I've been listening to Roundworm, a collection of Bob Kanefsky's filk parodies, in the car recently. (The linked page includes some MP3s; I particularly commend "Eternal Flame".) There's a lot of fun stuff on that album, and it's making me think upgrade thoughts about my Kanefsky cassettes. (Oh, drat -- it looks like this is his only CD so far. Oops.) He is particularly good at writing parodies that stand on their own but are even funnier if you know the songs he's parodying. A lot of parodies out there require knowledge of the original; his usually don't. Another nice touch is that he generally gets the original performers to sing the parodies on the recordings.

In January I sent in the rebate coupons for my new computer. Today I got email from HP telling me they'd received them and I should get my rebate in 2-4 weeks.
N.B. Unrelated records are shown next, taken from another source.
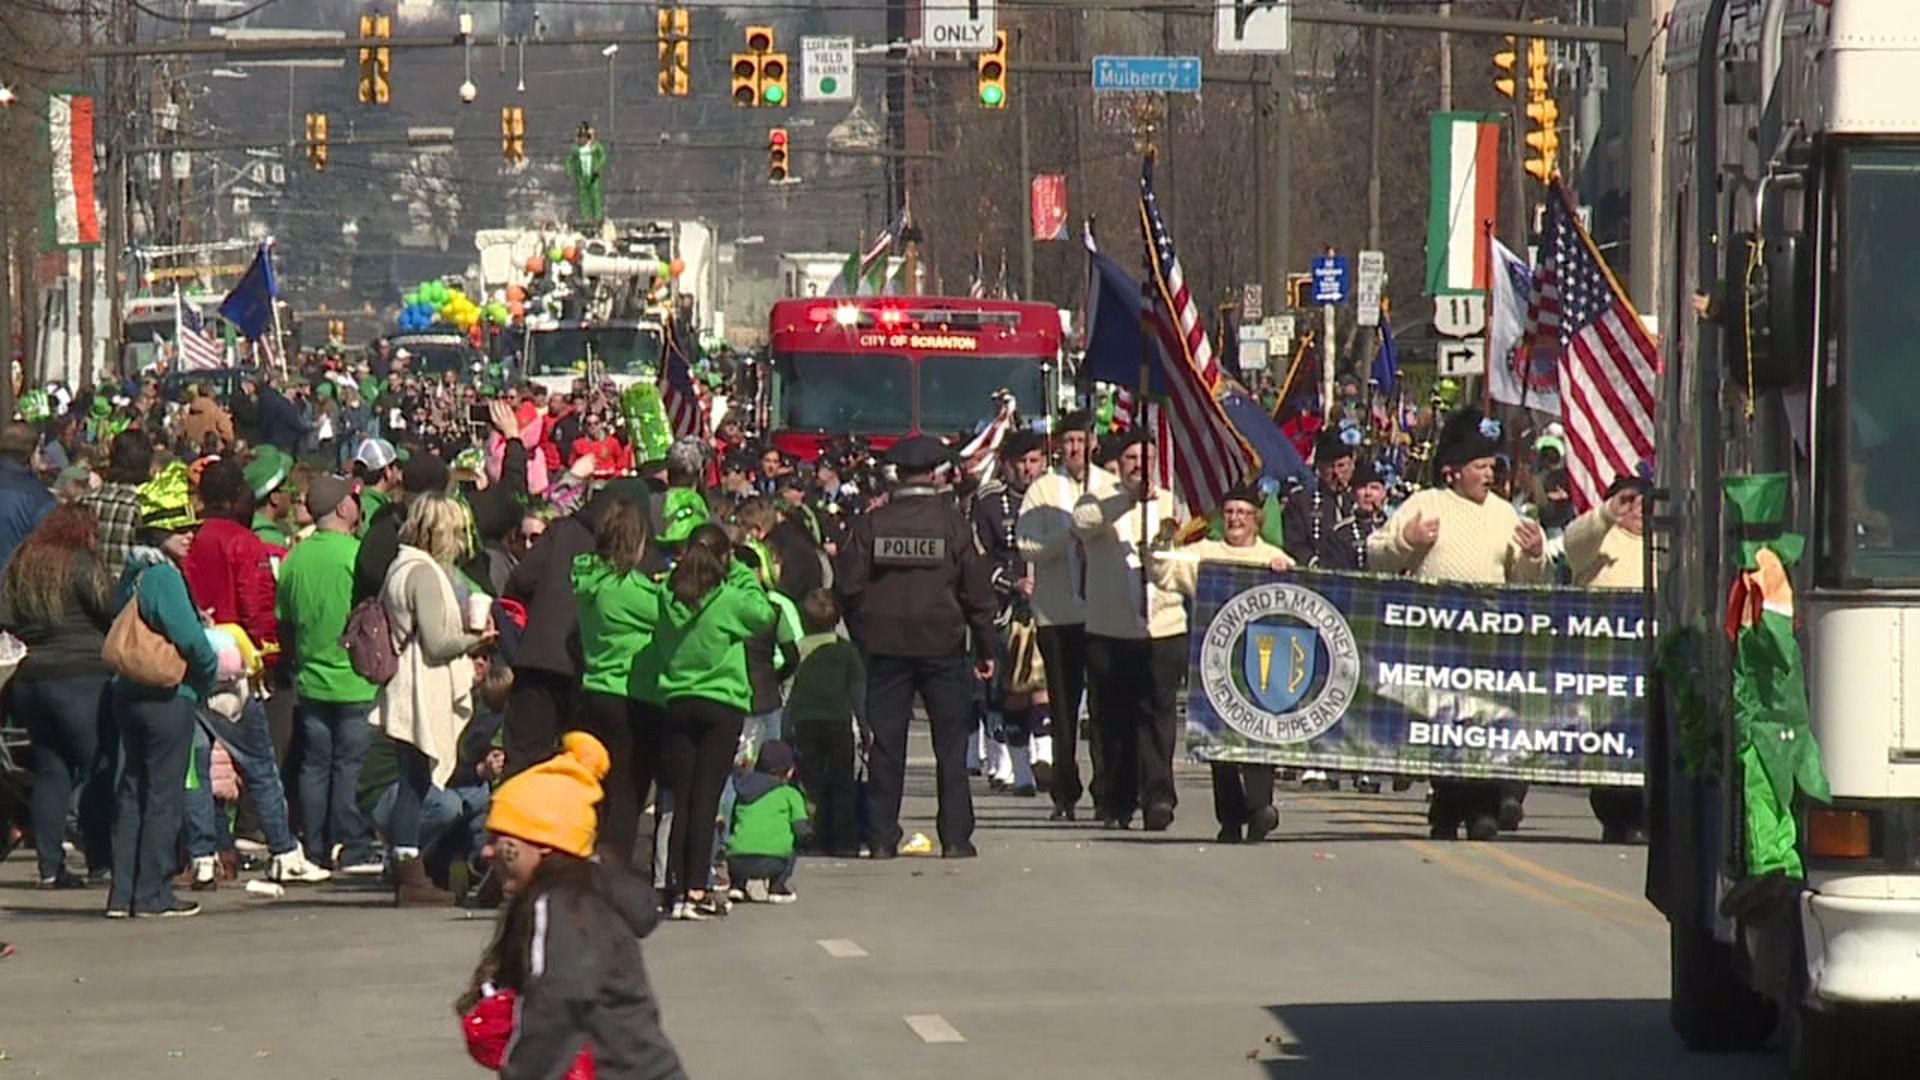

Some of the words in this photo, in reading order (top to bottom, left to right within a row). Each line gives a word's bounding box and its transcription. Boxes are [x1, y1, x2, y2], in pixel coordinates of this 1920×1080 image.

[933, 25, 985, 43] ONLY
[1100, 69, 1179, 91] Mulberry
[1450, 299, 1471, 325] 11
[860, 335, 887, 347] CITY
[890, 335, 908, 347] OF
[911, 335, 977, 351] SCRANTON
[884, 540, 937, 558] POLICE
[1211, 592, 1272, 649] EDWARD
[1291, 593, 1356, 661] MALONEY
[1384, 603, 1525, 634] EDWARD
[1532, 614, 1559, 636] P.
[1378, 662, 1548, 695] MEMORIAL
[1556, 672, 1629, 698] PIPE
[1211, 676, 1273, 738] MEMORIAL
[1277, 717, 1314, 739] PIPE
[1311, 687, 1346, 726] BAND
[1408, 722, 1636, 760] BINGHAMTON,
Took long enough -- and I have yet to hear from CompUSA about the one they owe me. I begin to see how this works; not only do they make money from the people who forget to send the coupons in, but they make money on the float (as compared to just lowering the price in the first place).
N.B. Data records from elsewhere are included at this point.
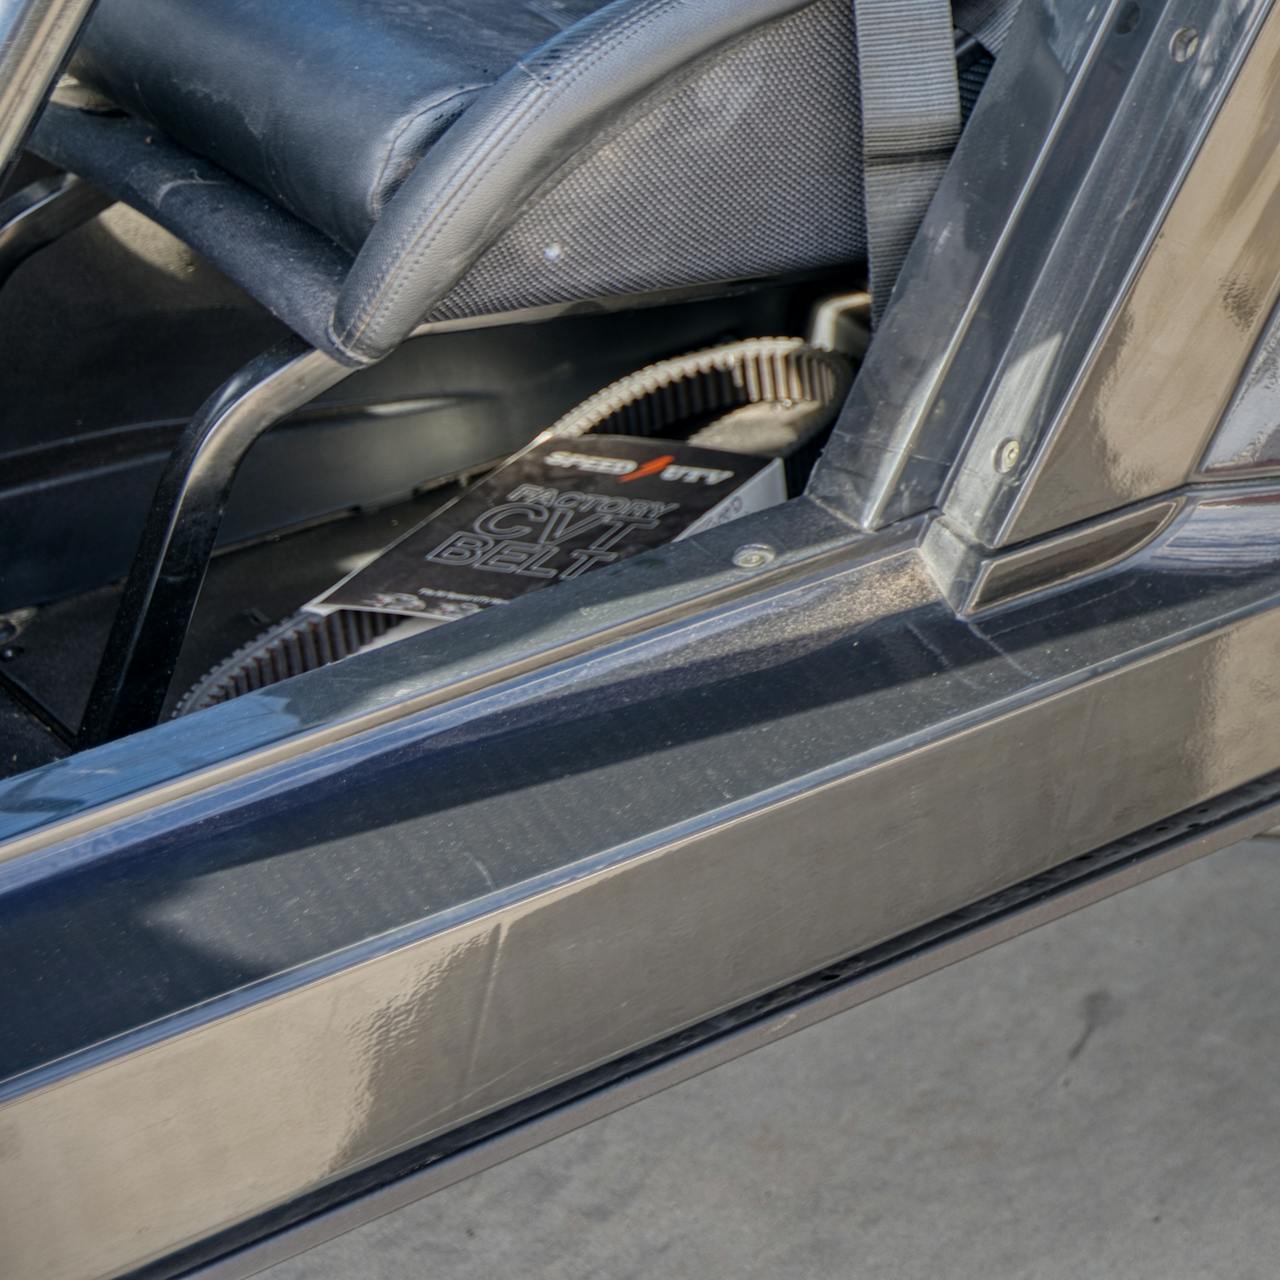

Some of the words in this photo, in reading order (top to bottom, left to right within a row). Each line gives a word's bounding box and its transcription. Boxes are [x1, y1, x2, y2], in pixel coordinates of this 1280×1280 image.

[544, 451, 638, 476] SPEED
[660, 464, 735, 485] UTV
[506, 483, 680, 519] FACTORY
[472, 501, 661, 551] CVT
[425, 530, 619, 581] BELT
The last beer buy included a side buy of Belgian lambics. Linedmann's has something new -- a "naked" lambic without any of the fruit additives they're known for. It's called Gueuze (no, I won't hazard a guess on pronunciation) and it's really good. My favorite fruit flavor is Peche (peach) and I didn't expect to like the plain version as much, but I do. For those of you who like beer that doesn't taste strongly of hops, and who can buy single bottles, check it out.

cellio: (Monica)
2005-02-14 10:04 pm

random bits

I should know better by now. Every now and then -- just infrequently enough for the pain to have worn off -- I get the idea that I can stop by the Giant Eagle on Murray on my way home from work to do the grocery shopping. This is, in principle, not out of the way, unlike the Giant Eagle I usually patronize. However, this only works if (1) the store actually has all the stuff I want and (2) the checkout lines aren't horrendous. When I had my third failure only one aisle past produce, I decided to cut my losses, pay for my vegetables, and go to the better store. (For the record: ginger root, fresh cranberries, and Listerine. I don't begrudge the cranberries, but the other two surprised me.)

Dani and I have decided to buck the Hallmark tradition and have a nicer-than-usual evening some other night in February. Besides, until Saturday he had a choir practice scheduled for tonight.

Actually, we also had a nicer-than-usual evening last night. [livejournal.com profile] ralphmelton and [livejournal.com profile] lorimelton got engaged at the end of the last Sunday dinner that fell on February 13; Ralph had slyly arranged for things to run late so that he could propose just after midnight in front of some of their friends. So they made an especially-nice dinner for friends last night to celebrate the anniversary. We had risotto with goat cheese and salmon, spinach salad with fruit, and two homemade desserts: chocolate truffles and a concoction of ladyfingers, raspberry mousse, whipped cream, and (I think) alcohol. It was all fabulous.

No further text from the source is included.